Not sure if you are in the UK but if you are have a look at www.createdbyparents.com our blog about all these issues - we set up the UK's largest parent led residential support service to offer people like our daughter bright futures and we set an expectation with other parents that we will do the same for their children.

Good luck, we will keep reading the blog and let us know if you are in the UK as we will post it on our site to spread the word.

Paul & Ann

Snaccers said...

No I'm not in the UK. But I am certainly going to check out your blog. But please post it on your site to spread the word. I think that parents can learn from each other regardless what country we are in.

Snaccers said...

Like you, I am also focused on my son's next step as he is aging out of the school system next year. But I think it can be part and parcel to the same goal. What we set up for him next year may be the beginning stages of the development of his eventual living situation. I do think I will see a community built in my lifetime that will house individuals in a safe and secure environment. You are right that it requires determination and a lot of us to brainstorm.
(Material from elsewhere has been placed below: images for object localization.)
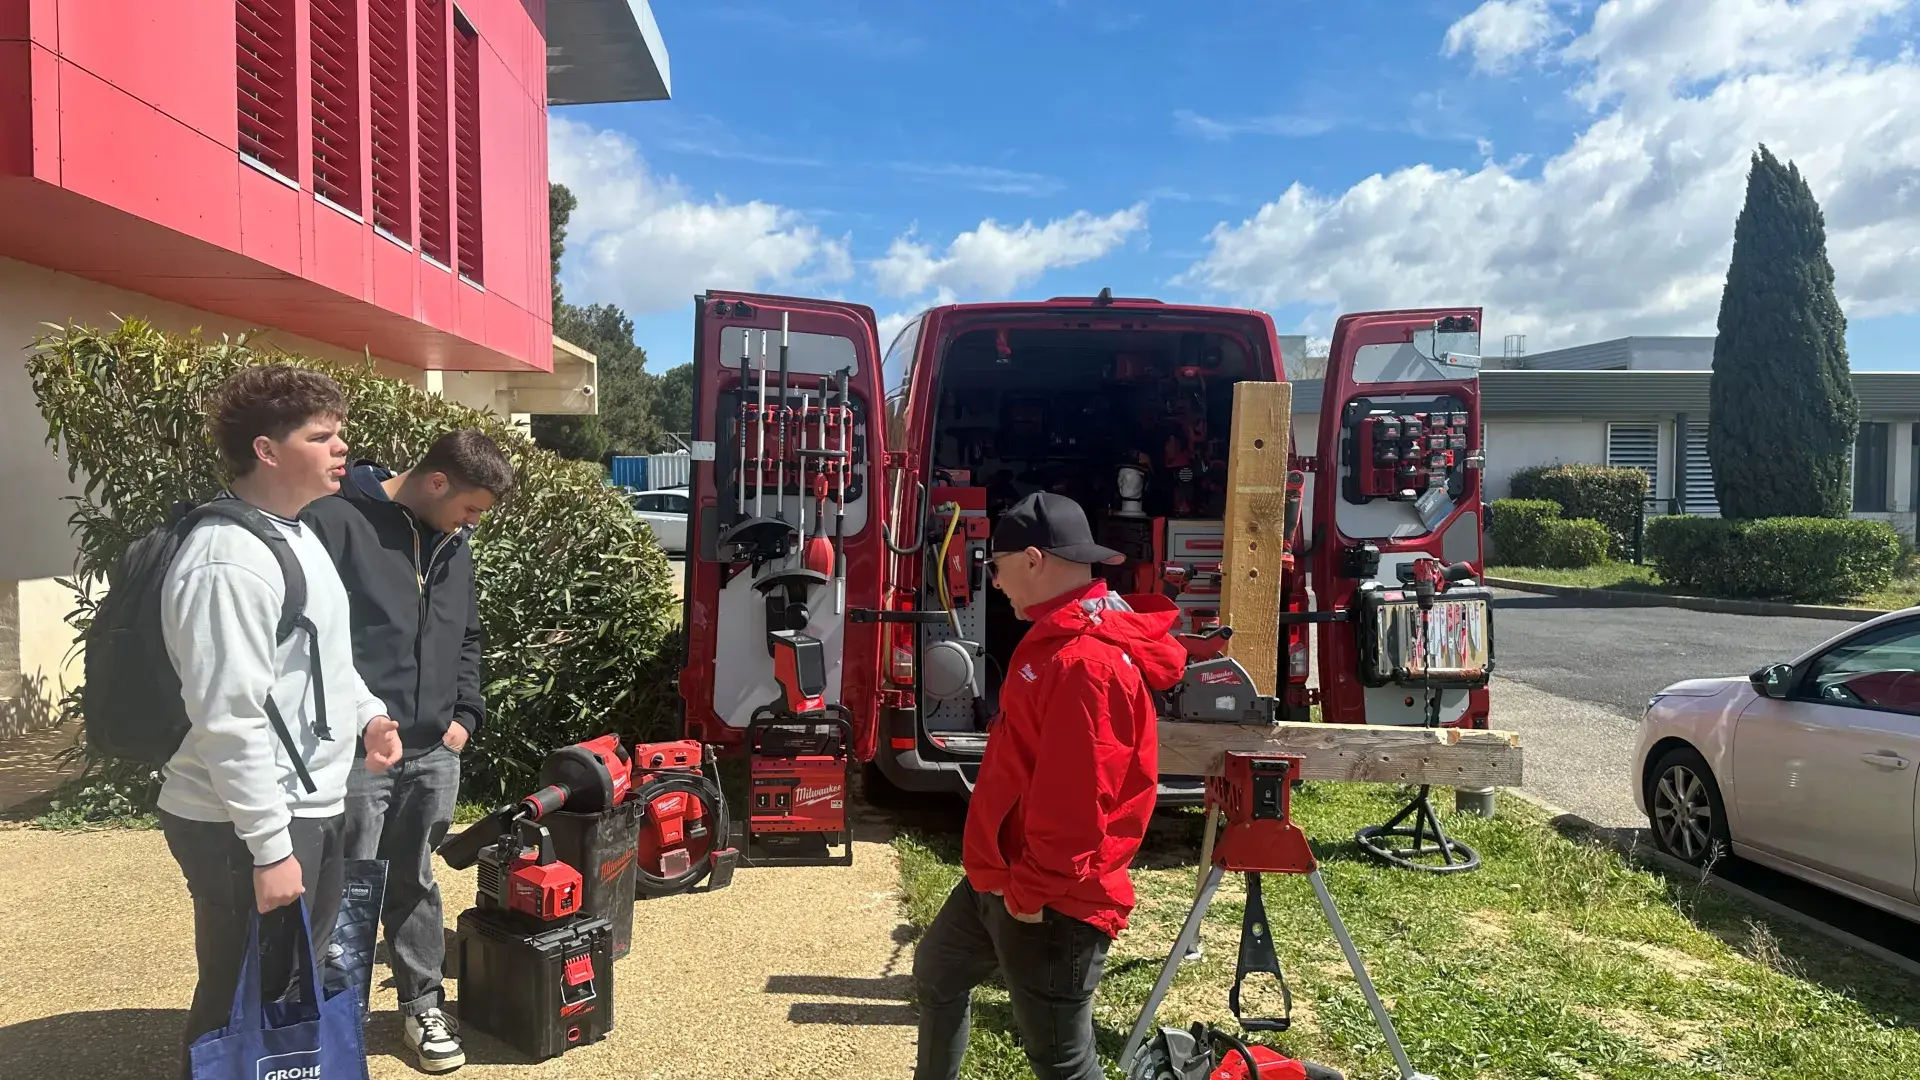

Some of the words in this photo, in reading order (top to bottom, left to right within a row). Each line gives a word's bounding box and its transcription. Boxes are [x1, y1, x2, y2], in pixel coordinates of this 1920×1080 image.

[1200, 670, 1233, 682] Milwaukee
[795, 784, 842, 803] Milwaukee
[600, 848, 635, 880] Milwaukee
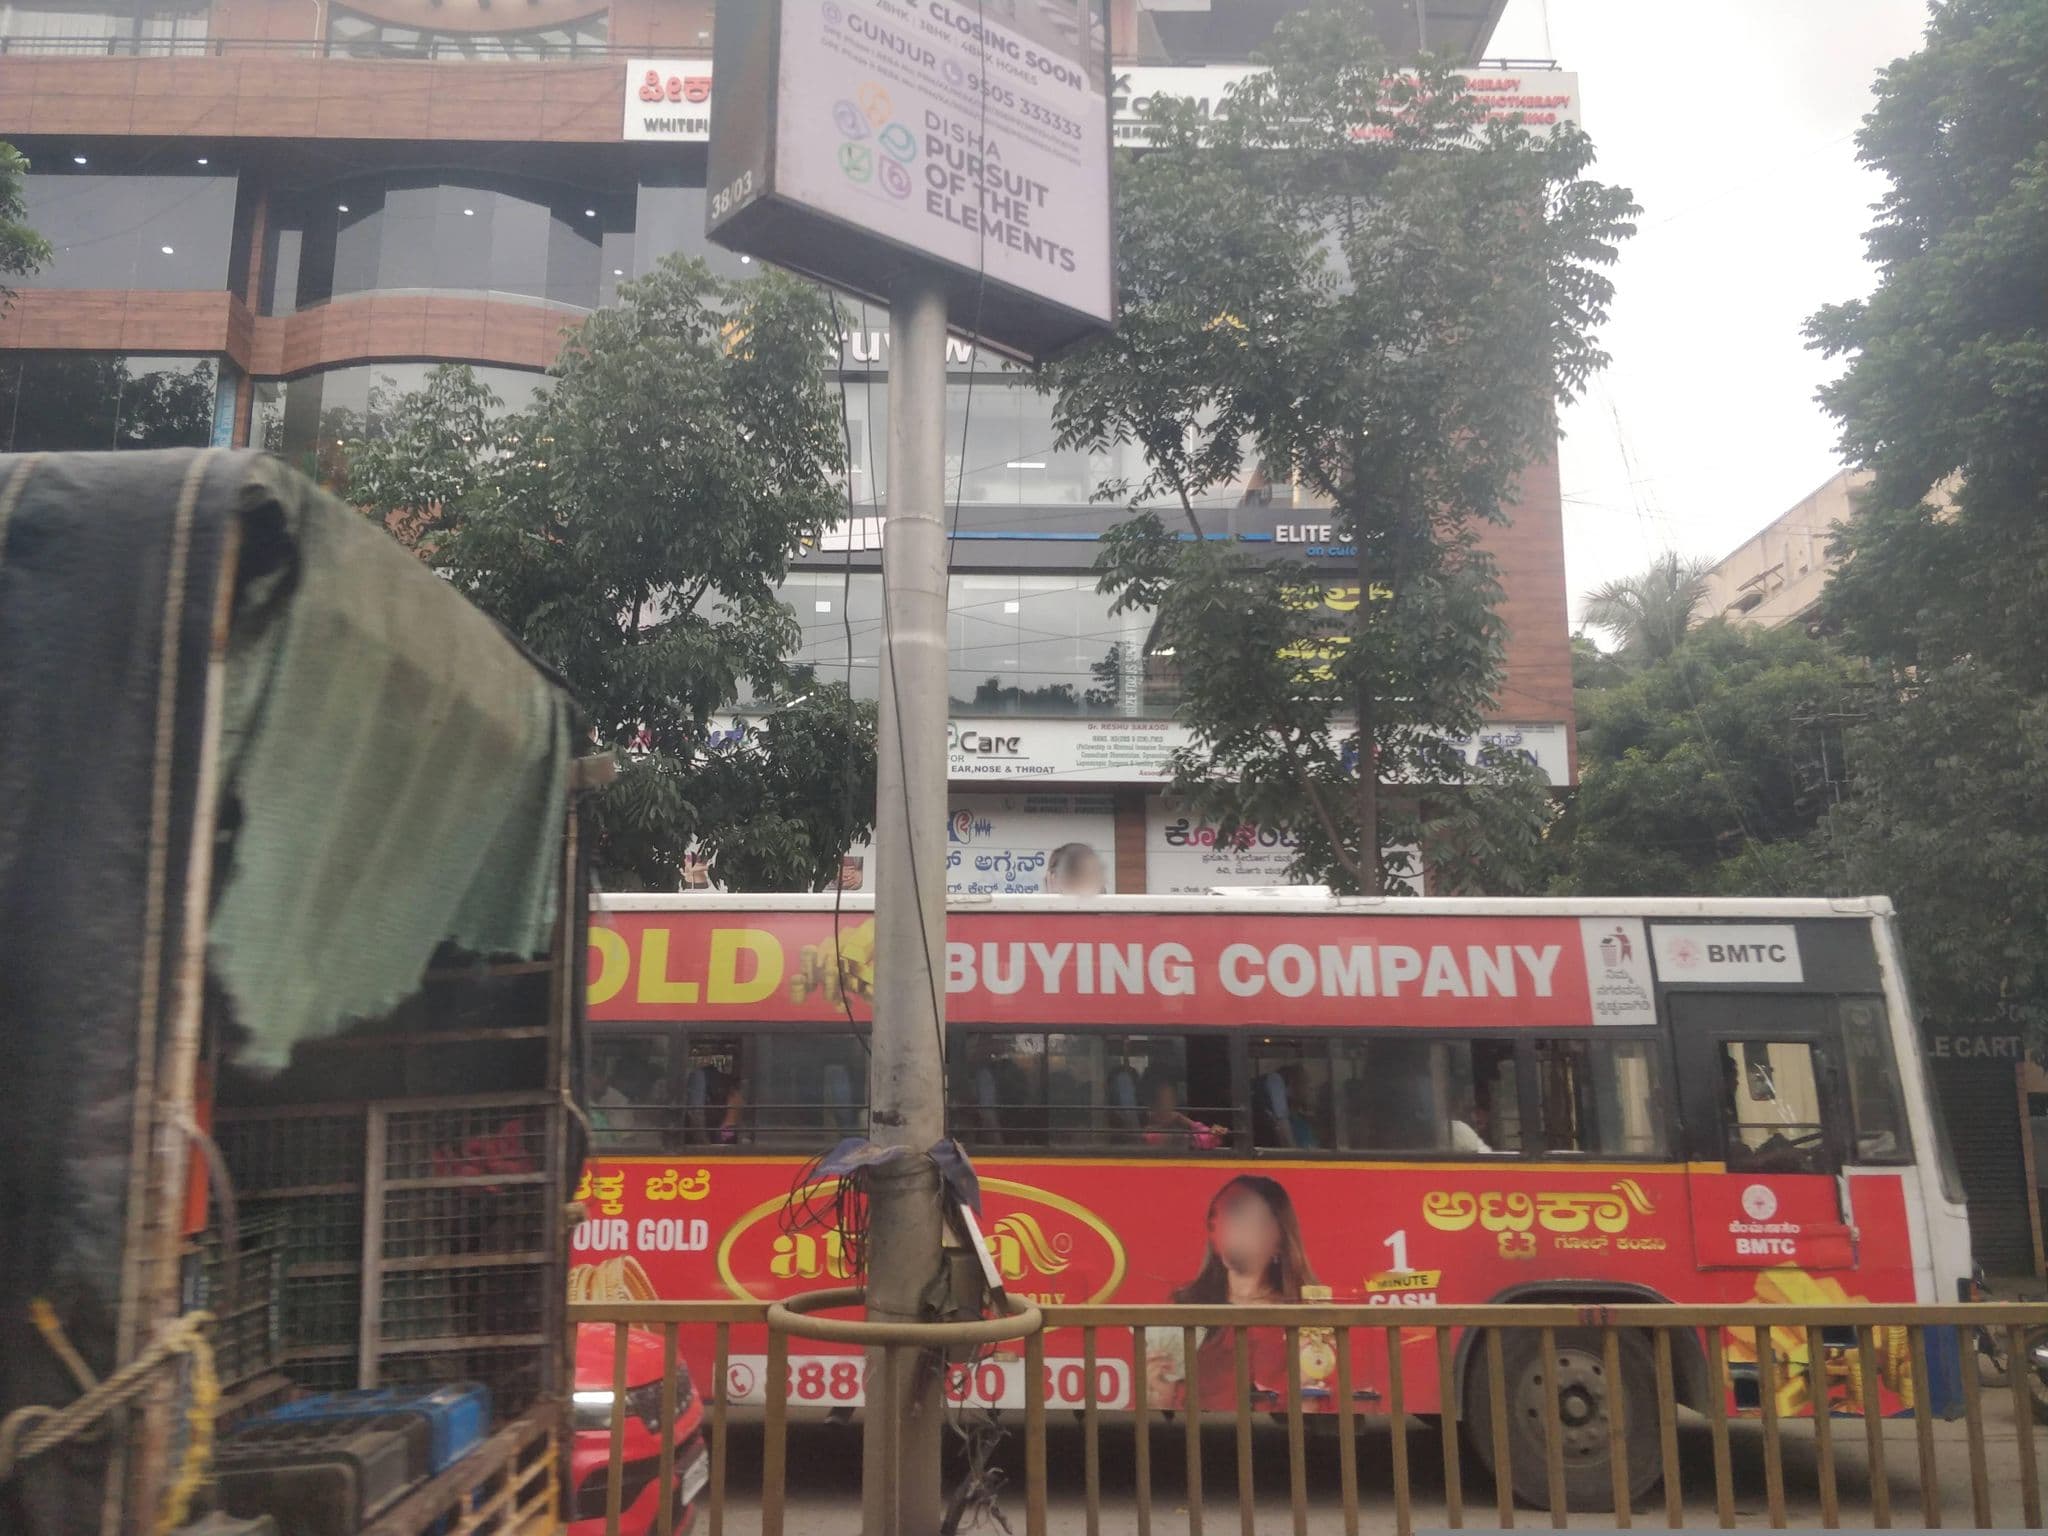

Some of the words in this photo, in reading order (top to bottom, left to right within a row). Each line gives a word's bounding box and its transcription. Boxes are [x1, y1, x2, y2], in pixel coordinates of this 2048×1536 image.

[847, 14, 937, 69] GUNJUR
[930, 1, 1021, 60] CLOSING
[1024, 49, 1083, 92] SOON
[996, 57, 1039, 87] HOMES
[643, 118, 708, 133] WHITEFI
[925, 109, 1000, 160] DISHA
[925, 134, 1049, 208] PURSUIT
[711, 169, 753, 219] 38/03
[925, 163, 966, 196] OF
[972, 182, 1030, 227] THE
[926, 189, 1076, 272] ELEMENTS
[1276, 525, 1332, 542] ELITE
[951, 765, 1002, 775] EAR,NOSE
[1005, 765, 1012, 774] &
[1015, 765, 1055, 775] THROAT
[587, 928, 785, 1005] OLD
[945, 941, 1196, 997] BUYING
[1218, 942, 1562, 998] COMPANY
[1706, 943, 1787, 963] BMTC
[646, 1168, 711, 1200] ಬೆಲೆ
[573, 1218, 629, 1251] OUR
[637, 1218, 709, 1251] GOLD
[1383, 1229, 1416, 1273] 1
[1735, 1238, 1796, 1255] BMTC
But if we all work together, it can be accomplished. Even state-to-state, we learn from each other

Snaccers said...

Where do you live?

Liz from Gorda No More said...

Hi, my cousin shared your blog with me after I shared my latest blog post http://gordanomore.com/inspiration-2/asperger-syndrome-independent-living-community/ I am looking for other parents such as you and I to share of their insight on this issue. Shire House will start in California, where I live now, but our goal is to create a model that could be replicated throughout the country.Thank you...Liz

Shanesh COLORS said...

Hey, we have a futuristic intervention program specifically designed to help parents monitor their child's progress in skill acquisition. Kindly visit http://www.shanesh.com

Eagerly looking forward to receiving your feedback.

Many thanks.

Snaccers said...

Tell us about your concept

Liz from Gorda No More said...

Shire House
Shire House will be an independent living community for adults within the Asperger Syndrome. It could but will not be limited to being a transitional or permanent home. Here we will continue to reinforce independent living skills, social skills and life skills.

With skilled and appropriate staff we will continue to reinforce and encourage self management and self care. Support will be provided in skills that have not been yet mastered , such as driving, the use of public transportation, managing school and work responsibilities and help with general organization and structuring of ones day.
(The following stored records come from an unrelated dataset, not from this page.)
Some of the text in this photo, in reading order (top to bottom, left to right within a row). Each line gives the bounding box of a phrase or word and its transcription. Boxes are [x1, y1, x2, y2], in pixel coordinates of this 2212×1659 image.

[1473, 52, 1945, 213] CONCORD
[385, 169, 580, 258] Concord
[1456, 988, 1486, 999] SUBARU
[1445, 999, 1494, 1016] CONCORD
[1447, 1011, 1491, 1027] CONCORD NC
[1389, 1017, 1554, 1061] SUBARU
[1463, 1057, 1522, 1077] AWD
With the understanding that it is an adult community, respect and acknowledgement will be given to the individuality and creativity of each individual.

Other areas of reinforcement or learning will be the care and upkeep of ones living space, planning and preparing meals, shopping, money management (we will not be managing the individuals money) and scheduling and attending regular dentist and doctor visits.Social skills will be highly encouraged and practiced by helping to maintain family, friends, religious and social activities.
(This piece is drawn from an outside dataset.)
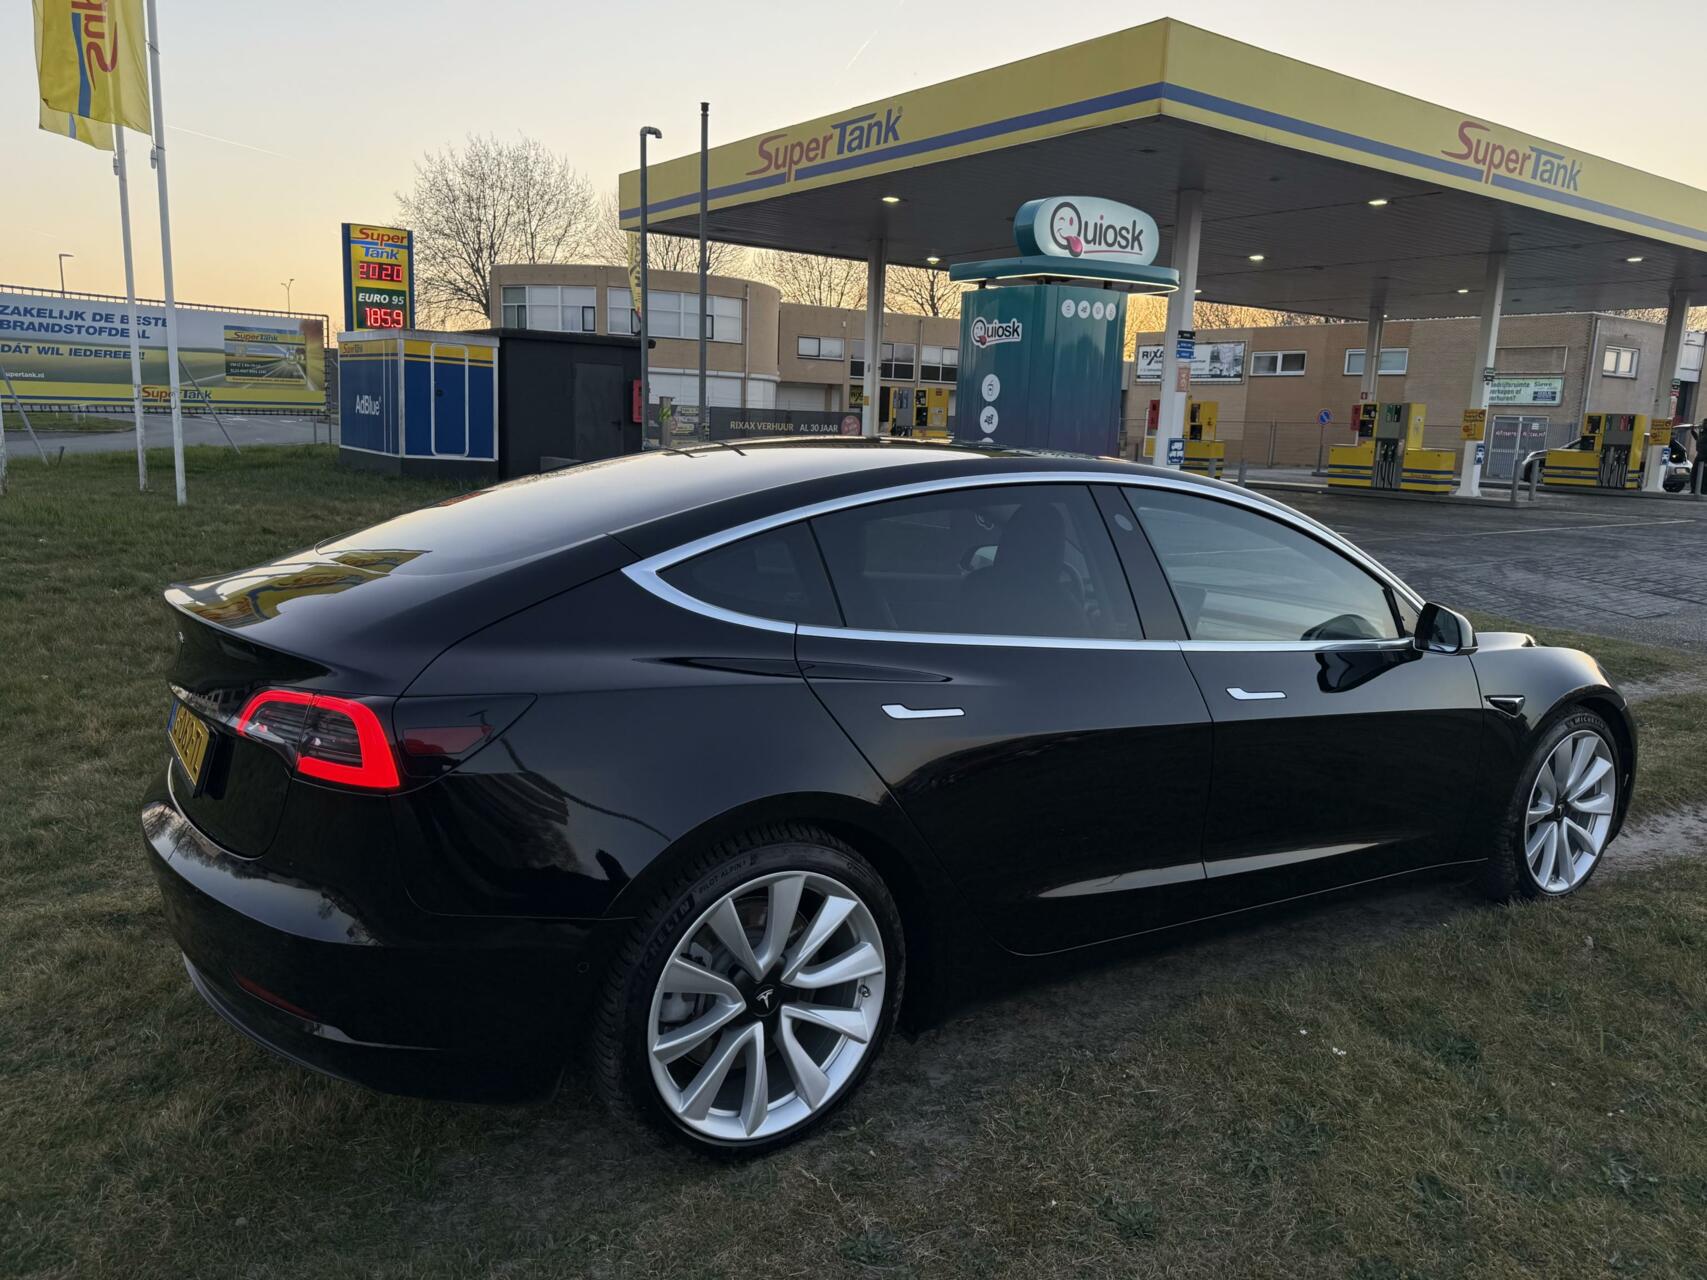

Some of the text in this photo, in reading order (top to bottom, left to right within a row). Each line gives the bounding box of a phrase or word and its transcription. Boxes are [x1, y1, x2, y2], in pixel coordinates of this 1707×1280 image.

The process for planning and starting Shire House have begun. Our hope is to have our first home by the end of 2012. Our vision is to have apartment type communities.

If you or someone you know is interested in Shire House please email me directly at lzbthkane62@gmail.com. I would like to start a mailing list to keep those interested with any Shire House updates.

Sincerely, Elizabeth S. Kane, Director of Shire House.

Liz from Gorda No More said...

I guess your site does not let post links...my website where you can follow Shire House is gordanomore.com
Thank you for letting me post. Liz

Snaccers said...

Hi Liz
Thanks so much for posting. I have been on your site several times. I am so excited about your upcoming community as I am of your blog.

Liz from Gorda No More said...

Thank you for the words of encouragement, appreciate it very much.